Pranabda: A man for all seasons

Poornima Joshi Updated - December 06, 2021 at 12:18 PM.

Pranab Mukherjee was the quintessential elder who could scold without offending, and among the few who encouraged private enterprise at a time when India was still fashionably socialist

Pranab Mukherjee (1935-2020)

After he was sworn in as Prime Minister on May 26, 2014, Narendra Modi set aside ceremonial pleasantries to tell the then President, Pranab Mukherjee: “Pranabda, pull me up if there is ever any mistake”. The elderly Congressman was touched, as much by the words as the gestures of genuine admiration and respect that the PM and senior members of his Cabinet displayed towards him in the remaining years of his Presidency and even afterwards. The first dignitary Nirmala Sitharaman met after being elevated to the Union Cabinet was Pranabda, as he was universally known. Law Minister Ravi Shankar Prasad went around frequently. And among the few people the PM spent Diwali with in Delhi was Mukherjee, even until last year when he was in frail health and no longer an occupant of the President House.

 

As the deadly Covid-19 pandemic claimed the 84-year-old former President on Monday, the loss was felt not just by his colleagues in the Congress but by politicians from across the spectrum, diplomats and Heads of other States, particularly Bangladesh Prime Minister Sheikh Hasina for whom Mukherjee was more an elder brother than a foreign dignitary. In August, 2015, when Mukherjee’s wife Suvra passed away, the Bangladeshi premier broke all protocol and stayed with the family for two days. Mukherjee and his wife were, after all, the only family Sheikh Hasina had when she was in self-exile in India in the early 1980s’.

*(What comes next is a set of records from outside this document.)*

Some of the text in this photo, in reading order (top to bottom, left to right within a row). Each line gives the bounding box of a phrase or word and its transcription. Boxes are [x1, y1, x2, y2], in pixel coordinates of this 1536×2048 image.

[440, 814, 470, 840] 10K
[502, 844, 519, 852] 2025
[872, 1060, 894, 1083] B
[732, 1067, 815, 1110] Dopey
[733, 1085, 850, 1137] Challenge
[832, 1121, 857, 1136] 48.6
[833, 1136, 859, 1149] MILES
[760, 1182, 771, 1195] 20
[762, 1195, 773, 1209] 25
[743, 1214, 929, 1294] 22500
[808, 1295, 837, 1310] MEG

Pranab Mukherjee or “PM” as he would himself ironically reflect on the aspirational significance of his initials, missed being the Head of the Government only as much as he enjoyed being the Head of State. In his passing away, India has lost the last of the quintessential parliamentarians and politicians who had the grace to keep the professional strictly apart from the personal. He wrote as passionately about former PM Atal Behari Vajpayee’s skills and abilities as a parliamentarian as he opposed the politics that Vajpayee practiced. Mukherjee and Vajpayee frequently went for morning walks together even when he bitterly criticised the BJP on Ram temple. And he commanded collaboration from parties of all hues. For his election as President in 2012, constituents of the opposing NDA – the Janata Dal (United) and the Shiv Sena – broke ranks and supported his candidature.

But in his almost universal acceptance as an elderly statesman, Mukherjee could also get uncharacteristically touchy and flash his dreaded temper to those unfortunate enough to be close by. In his downstairs room in Parliament, senior party colleagues could sometimes be seen nudging each other to go in first, just in case Mukherjee was in a bad mood. During his election, there were initial signs of reluctance from West Bengal Chief Minister Mamata Banerjee even though all her party MPs were frequenting Mukherjee’s residence as a gesture of support. A senior Trinamool Congress MP got the dressing down of his life when he called Mukherjee to cajole him to convince Mamata Banerjee officially to support his candidature. Banerjee finally did give in because it would have been impossible for the Chief Minister of West Bengal to not back a Bengali as President, a fact that the canny veteran had probably already factored in when he snubbed her by refusing to personally call to canvass support.

The former President wore many hats in his over 50-year-old political career, especially in the two terms of the UPA – besides being Minister of Finance and Defence, he unofficially managed Parliamentary Affairs for the Congress, even getting the BJP on board to support crucial legislations like the Pension Fund Regulatory and Development Authority Bill (PFRDA), headed over 50 Groups of Ministers (GoMs) and was the perennial trouble-shooter for the then PM Manmohan Singh.

But what remained his lifelong passion was Finance, from the time he was an economics teacher in a non-descript Bengali school to when he rose to become India’s youngest Finance Minister in Indira Gandhi’s Cabinet in 1982 and skilfully negotiated the IMF’s biggest ever loan and even returned the third tranche unused. In the time that India was still fashionably socialist, Mukherjee was among the few influential politicians who encouraged private enterprise, as Finance Minister and key figure in Indira Gandhi’s Cabinet.

Mukherjee’s temporary eclipse into the oblivion came when he fell out with Rajiv Gandhi who dropped him from his Cabinet and expelled him from the Congress. For a few years, Mukherjee floated his own party – the Rashtriya Samajwadi Congress – which he eventually merged with the Congress again in 1989. Like Indira Gandhi, P. V. Narasimha Rao recognised Mukherjee’s potential and completed his rehabilitation in the Congress by appointing him Chairman of the Planning Commission and then Foreign Minister in 1995. For the rest of his life, he remained steadfastly loyal to his parent party and the diverse offices he held. In Pranab Mukherjee’s demise, there is simply no one left in the political arena with his encyclopaedic knowledge and respect for Parliamentary and Constitutional ethics.